The main purpose of this case is to discuss some of the dilemmas that many engineers and scientists may face when dealing with important scientific issues that directly affect the public interest. In this case, a large number of lakes in a region have been found to contain high acidity (low pH). Tom and Richard both believe that the pH changes are caused by pollution that originated at the regional power plants and traveled through the air to be deposited on the lakes. Their main reason for believing this explanation is that when such a large area is affected, the mechanism for the pollution is most likely air transport. However, no real scientific evidence has been gathered to link the pH changes to the electric plants, and Tom and Richard are launching a five-year study explicitly to determine the cause of the pollution.
In the case of some scientific or engineering studies, there would be no dilemma; Tom and Richard could perform the study and determine the cause of the pollution, and others could decide how best to deal with the problem when they were finished. But in this case, severe and irreversible damage may be done to the lakes, the fish and the communities that rely on the fish before their study has been completed.
Tom feels that he has a responsibility to try and keep the lakes from being destroyed, and he would like to take an active role in removing the cause of the problem. He has close ties to the local environmental community, and he wants to help them keep the lakes safe from harm.

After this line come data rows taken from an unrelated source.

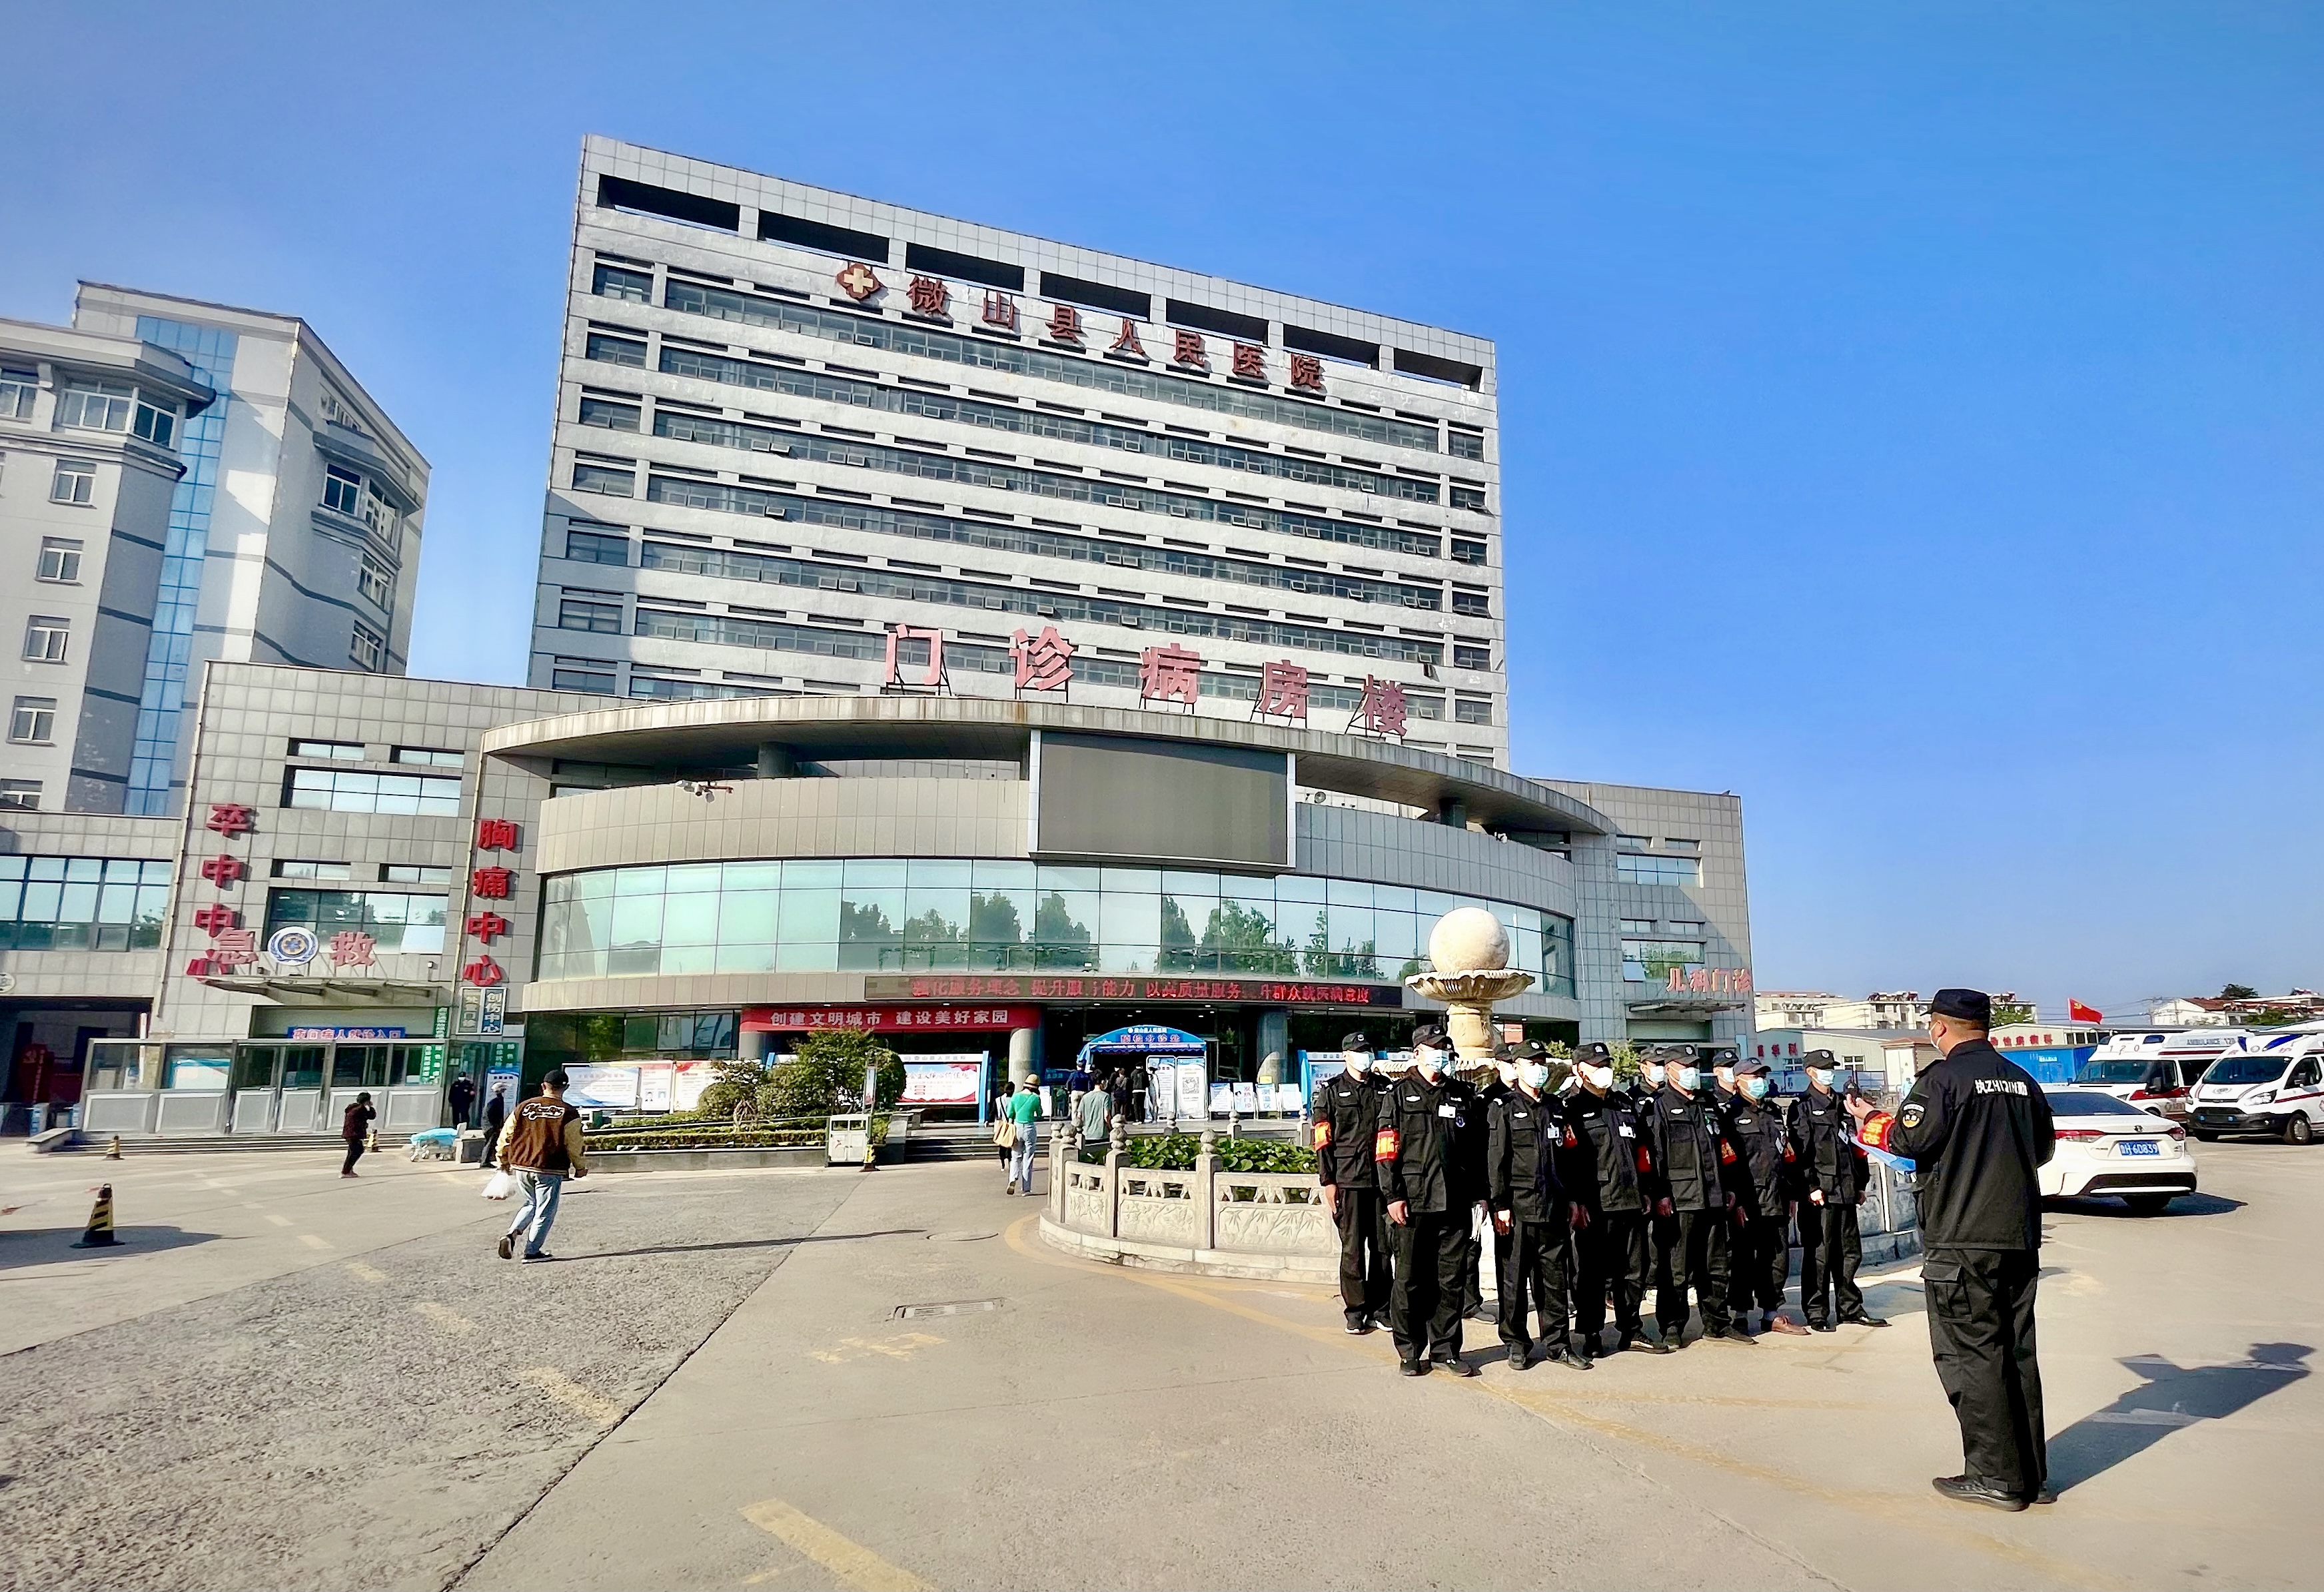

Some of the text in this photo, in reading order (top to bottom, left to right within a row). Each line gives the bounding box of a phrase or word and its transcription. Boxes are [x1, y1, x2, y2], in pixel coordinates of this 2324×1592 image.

[906, 274, 1323, 389] 微山县人民医院
[885, 624, 1408, 737] 门诊病房楼
[463, 819, 517, 987] 胸痛中心
[1666, 967, 1752, 993] 儿科门诊
[483, 993, 502, 1032] 创伤中心
[770, 1010, 1009, 1026] 创建文明城市 建设美好家园
[2109, 1044, 2140, 1055] 120
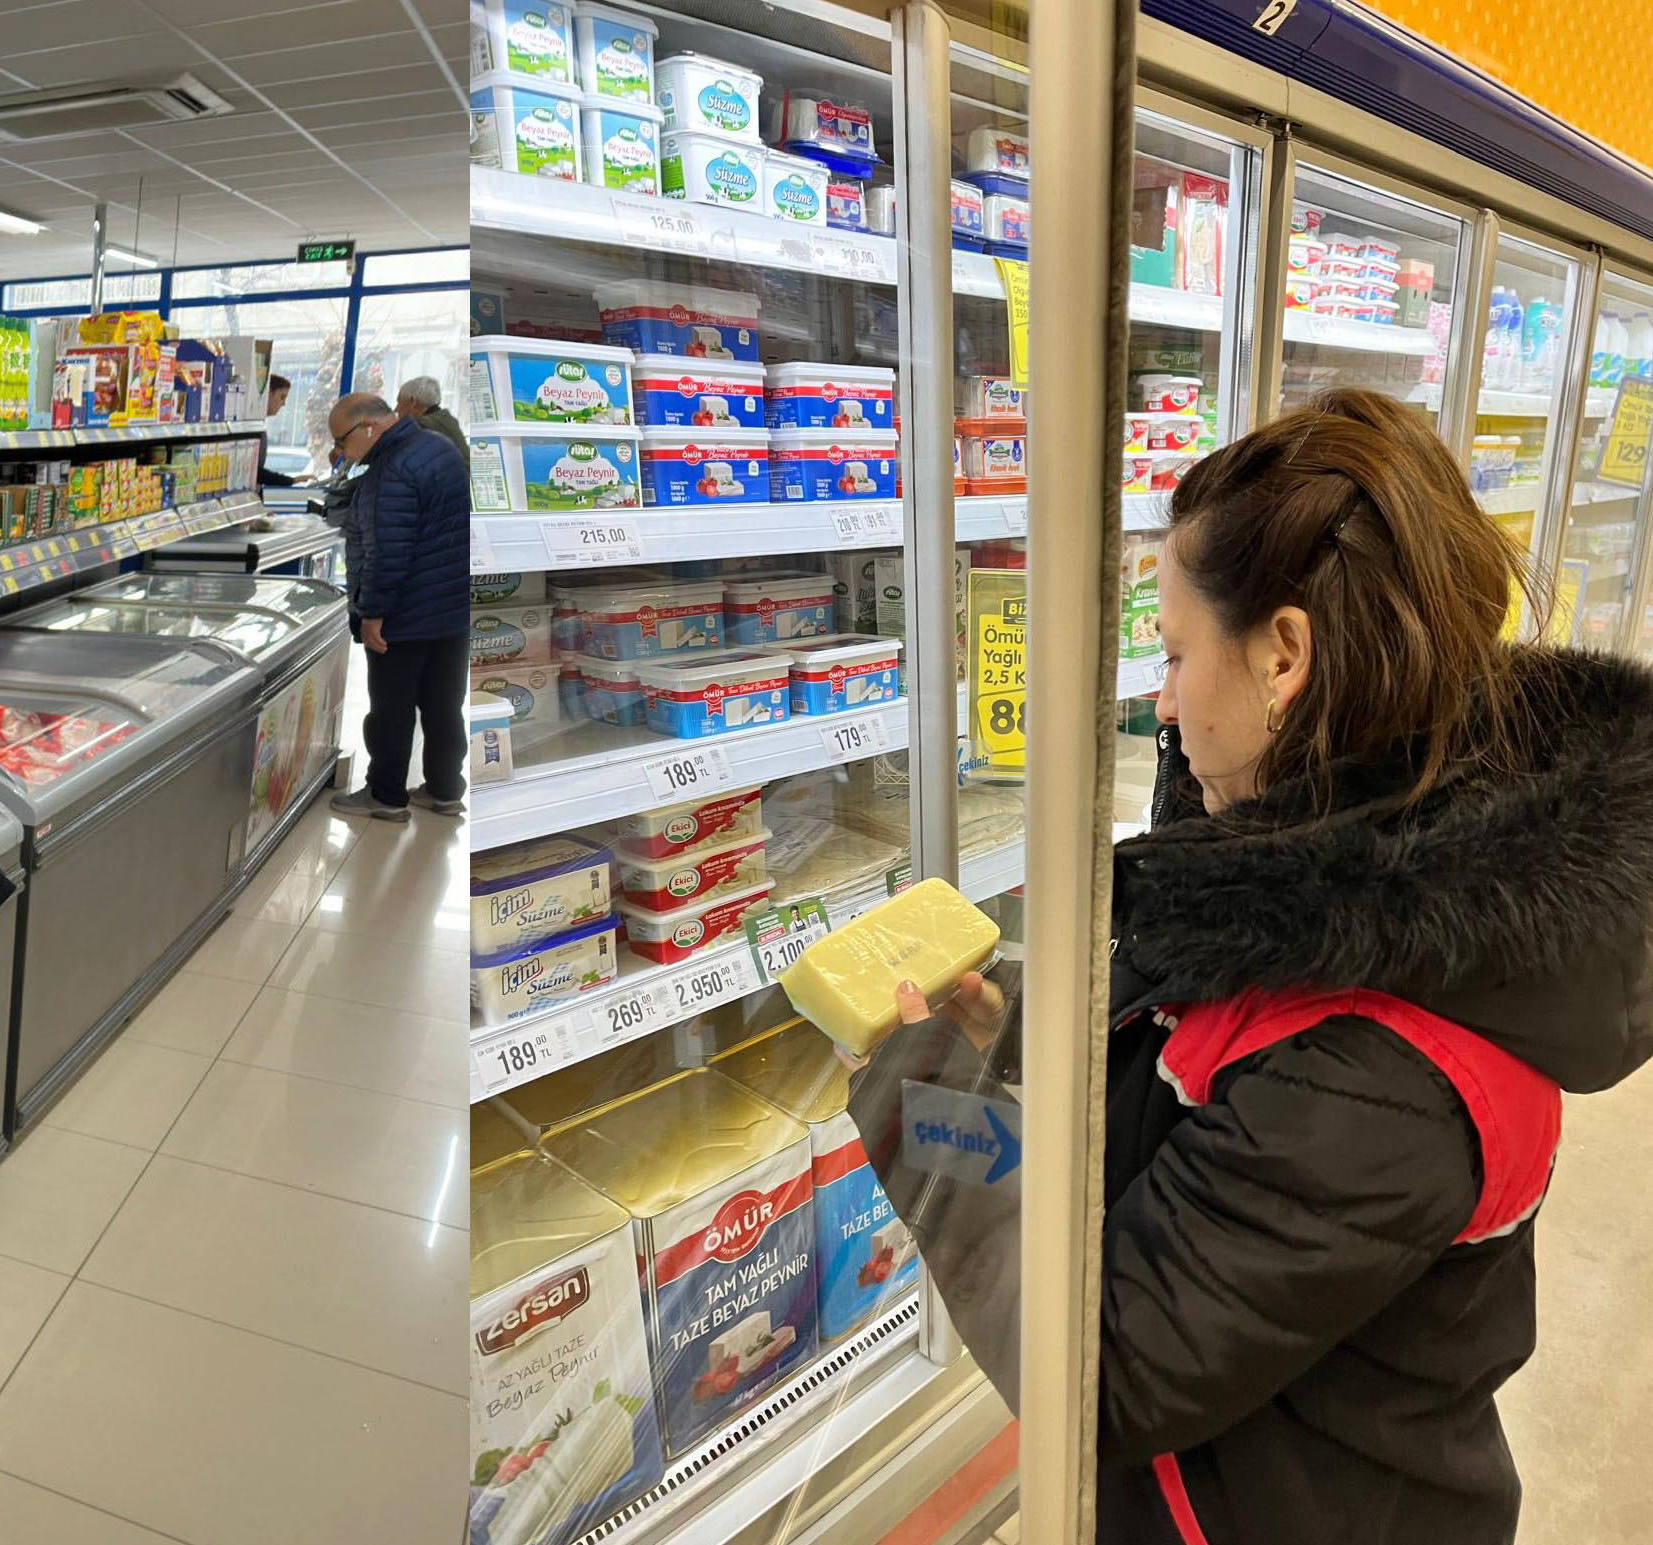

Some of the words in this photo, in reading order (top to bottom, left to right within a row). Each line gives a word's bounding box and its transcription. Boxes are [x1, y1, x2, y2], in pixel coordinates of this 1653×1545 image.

[1259, 1, 1286, 31] 2
[707, 95, 743, 116] Süzme
[714, 166, 750, 187] Süzme
[781, 186, 814, 206] Süzme
[669, 312, 690, 321] ÖMÜR
[543, 385, 574, 399] Beyaz
[576, 388, 604, 403] Peynir
[677, 382, 698, 392] ÖMÜR
[821, 387, 838, 397] ÖMÜR
[682, 449, 702, 459] ÖMÜR
[827, 450, 844, 460] ÖMÜR
[555, 467, 585, 480] Beyaz
[587, 467, 615, 481] Peynir
[580, 527, 626, 545] 215,00
[636, 612, 658, 621] ÖMÜR
[756, 604, 776, 612] ÖMÜR
[984, 624, 1026, 645] Ömü
[983, 648, 1022, 668] Yağlı
[827, 670, 847, 680] ÖMÜR
[984, 669, 1009, 686] 2,5
[702, 690, 725, 699] ÖMÜR
[863, 734, 872, 744] TL
[698, 767, 710, 777] TL
[958, 754, 990, 775] çekiniz
[671, 820, 692, 833] Ekici
[674, 874, 694, 886] Ekici
[490, 888, 531, 926] İçim
[516, 904, 565, 927] Süzme
[678, 926, 698, 938] Ekici
[501, 957, 542, 996] İçim
[526, 971, 574, 995] Süzme
[725, 977, 736, 987] TL
[646, 1005, 657, 1017] TL
[540, 1048, 552, 1059] TL
[914, 1118, 996, 1156] çekiniz
[704, 1201, 774, 1253] ÖMÜR
[840, 1210, 872, 1240] TAZE
[704, 1274, 737, 1305] TAM
[738, 1247, 779, 1286] YAĞLI
[486, 1277, 582, 1342] zersan
[670, 1315, 711, 1351] TAZE
[712, 1285, 759, 1328] BEYAZ
[761, 1252, 809, 1299] PEYNİR
[498, 1373, 514, 1391] AZ
[515, 1353, 552, 1381] YAĞLI
[553, 1334, 586, 1359] TAZE
[486, 1380, 545, 1419] Beyaz
[549, 1345, 599, 1383] Peynir

Richard, the older and more experienced scientist, does not want to get involved with the environmental groups. He believes that as scientists, they should not take sides. The position of scientists and engineers in American society is somewhat precarious. They have a reputation for being objective, relying on facts and not being influenced by any particular political agenda. However, as more and more scientists have begun to take an active position in some issues, the public's attitude toward science has been changing. Richard is also concerned about his and Tom's standing in the scientific community if they make such a bold claim and discover that they are wrong after further research.
The dilemma rests with Tom. He has a few choices. He could agree with Richard and not take any active position on the pollution, or he could get involved with the environmental activists right away. Another option would be to wait until some preliminary results came from the study and hope that no further damage was done to the lakes by that time. Then he could use the research results to confirm or repudiate his theory and be more confident in his action (and somewhat more objective). Another option would be to mention the problem to his environmental friends but not take an active role himself.
His decision is a difficult one, and I believe that his choice must be rooted in the details of the situation. Tom must weigh the possible effects of continuing unabated pollution on the fish and lakeside communities against the short- and long-term effects of his action on his own career and on his discipline. He should also consider the effect that modifying or closing the power plants would have on the utilities and those who work for them. However, he does not want to turn his back on his friends. If he believes that the lakes will soon be irreparably damaged, he should act now; otherwise, he should probably wait until further information is gathered.
Tom has weighed the information and has decided that the potential immediate harm to the environment and the communities that rely on it is more important than other concerns. He has allied himself with his friends in the local environmental group, but his friends want him to make statements that condemn the utilities and are much stronger than the evidence and his beliefs support. They claim that such statements are needed because the public does not understand the intricacies of scientific research and would not be motivated to act otherwise.
Here, Tom's dilemma is even more difficult. Most of the nonscientific public, including many individuals holding political office, do not have a good understanding of how science is done and the large uncertainties that it often involves. Thus, his environmentalist friends have a significant point when they say that they must make their message simple in order to be understood and to galvanize support into action.
However, in many scientific circles, and probably in Tom's mind, brushing over the uncertainties to that extent is a lot like lying. Personal and scientific integrity would make it difficult to take such strong a stance on this issue. But, if you step back from it, that's really the only thing that has changed. Tom still believes that the lakes face imminent danger if nothing is done. Is keeping his personal integrity intact worth the destruction of the lakes?
Of course, the salvation of the lakes does not entirely rest with Tom. Whether he is involved or not may not make any difference, although the support of a scientist closely involved with the study will probably strengthen the case of the environmental group. Would making the statements really be tantamount to lying? Should he adamantly refuse to make the statements but still be involved with the groups' actions?
Another option would be to set up some community discussions where he could explain the details of the lakes' increased acidity without saying definitively that the pollution is coming from the power plants. Would this option satisfy his need to stop the pollution without harming his integrity? If such scientific discussions were commonplace in the community, would that make Tom's job and decision easier?
Regardless of Tom's decision, it must be a very personal one, informed by the facts and the likely effects of his actions. It is hoped that a discussion of this case will help better prepare scientists and engineers to face this type of decision. Perhaps it will even encourage them to take steps to educate the public on scientific matters before a problem like this one occurs.